[sic] Magazine

Björk – Biophilia

That Björk ever troubled the charts can be seen to be some kind of bizarre moment, a brief five-year glimmer in the eyes of the world, where a wayward muse collided with an open media, and a handful of very good pop songs brought her to a world larger than the Sugarcubes ever did.

With every release of the past decade, from Selma Songs to Biophilia now, Björk has moved ever further into her own orbit, including the ultimate alienation of the minimal Medúlla . With great money comes great freedom, including, for Björk, the freedom to do whatever you like surrounded by employees who agree with you. Perhaps a somewhat harsh perspective on the circumstances, but then again, Björk has clearly gone way into her own world.

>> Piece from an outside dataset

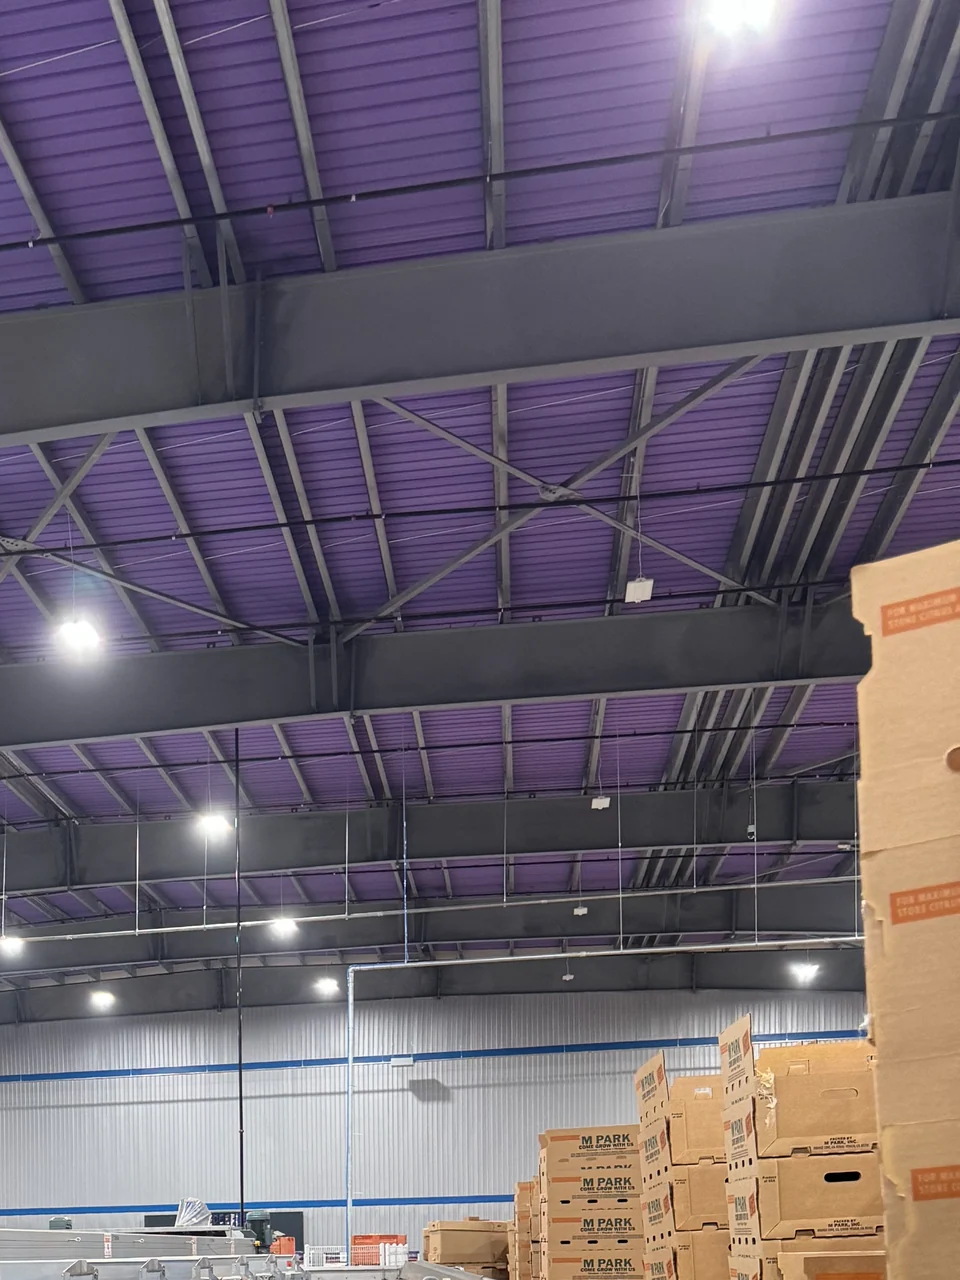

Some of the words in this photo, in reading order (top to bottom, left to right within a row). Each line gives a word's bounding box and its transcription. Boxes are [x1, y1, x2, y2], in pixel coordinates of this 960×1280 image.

Biophilia is an organic record: the breaths between the words are not excised, the warmth of the room shimmers. With minor exceptions where machines whirr, drums pulse and electronics throb, this album is the product of a mostly extinct age – unique, custom-made instruments and bizarre technology, coupled with esoteric, disconnected melodies and verses – and though Björk’s voice is a thing of wonder, as an instrument it is just another ingredient on the largely featureless landscape that is the album.

Made as it is of ethereal, detached, barely memorable songs that no doubt have been crafted exhaustively by an artist following their muse, it also gets boring – a selection of endless, somewhat identikit songs with barely discernable lyrics, unmemorable vocal melodies, and fractured glimpses of whatever Björk brought to popularity fifteen years ago.

The recent Björk material, with the emphasis on woodwind, pipe, and ancient tin clattering, leaves me cold and even, to be honest, bored. There’s little of this music that has any relevance to anyone but herself and her shrinking, self-sufficient community, where perhaps great artists exist in isolation – but being in self-chosen exile isn’t always the place you want to be.